(Stored dataset items)
────────────────

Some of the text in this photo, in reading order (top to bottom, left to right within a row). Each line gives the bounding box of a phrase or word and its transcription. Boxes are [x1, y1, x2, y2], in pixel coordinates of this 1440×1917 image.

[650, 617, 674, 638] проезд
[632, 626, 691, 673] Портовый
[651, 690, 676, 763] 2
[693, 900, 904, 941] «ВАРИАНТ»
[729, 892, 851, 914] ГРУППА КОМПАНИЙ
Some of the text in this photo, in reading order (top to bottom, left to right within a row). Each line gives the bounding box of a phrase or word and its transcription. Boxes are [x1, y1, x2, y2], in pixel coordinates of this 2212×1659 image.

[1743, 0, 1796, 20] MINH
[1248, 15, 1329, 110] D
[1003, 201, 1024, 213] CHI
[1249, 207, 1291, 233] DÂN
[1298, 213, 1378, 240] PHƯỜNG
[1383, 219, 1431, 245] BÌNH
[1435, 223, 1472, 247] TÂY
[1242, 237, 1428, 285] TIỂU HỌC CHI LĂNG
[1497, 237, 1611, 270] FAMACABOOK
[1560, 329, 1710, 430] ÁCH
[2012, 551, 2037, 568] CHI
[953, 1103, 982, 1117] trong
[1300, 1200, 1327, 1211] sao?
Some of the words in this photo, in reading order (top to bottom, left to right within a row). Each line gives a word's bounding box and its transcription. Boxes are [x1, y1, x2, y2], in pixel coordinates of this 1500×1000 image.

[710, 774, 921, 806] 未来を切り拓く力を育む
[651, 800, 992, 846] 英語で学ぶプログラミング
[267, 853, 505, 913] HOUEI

────────────────

Quote every line of the data, word for word.

Some of the text in this photo, in reading order (top to bottom, left to right within a row). Each line gives the bounding box of a phrase or word and its transcription. Boxes are [x1, y1, x2, y2], in pixel coordinates of this 1440×1917 image.

[650, 617, 674, 638] проезд
[632, 626, 691, 673] Портовый
[651, 690, 676, 763] 2
[693, 900, 904, 941] «ВАРИАНТ»
[729, 892, 851, 914] ГРУППА КОМПАНИЙ
Some of the text in this photo, in reading order (top to bottom, left to right within a row). Each line gives the bounding box of a phrase or word and its transcription. Boxes are [x1, y1, x2, y2], in pixel coordinates of this 2212×1659 image.

[1743, 0, 1796, 20] MINH
[1248, 15, 1329, 110] D
[1003, 201, 1024, 213] CHI
[1249, 207, 1291, 233] DÂN
[1298, 213, 1378, 240] PHƯỜNG
[1383, 219, 1431, 245] BÌNH
[1435, 223, 1472, 247] TÂY
[1242, 237, 1428, 285] TIỂU HỌC CHI LĂNG
[1497, 237, 1611, 270] FAMACABOOK
[1560, 329, 1710, 430] ÁCH
[2012, 551, 2037, 568] CHI
[953, 1103, 982, 1117] trong
[1300, 1200, 1327, 1211] sao?
Some of the words in this photo, in reading order (top to bottom, left to right within a row). Each line gives a word's bounding box and its transcription. Boxes are [x1, y1, x2, y2], in pixel coordinates of this 1500×1000 image.

[710, 774, 921, 806] 未来を切り拓く力を育む
[651, 800, 992, 846] 英語で学ぶプログラミング
[267, 853, 505, 913] HOUEI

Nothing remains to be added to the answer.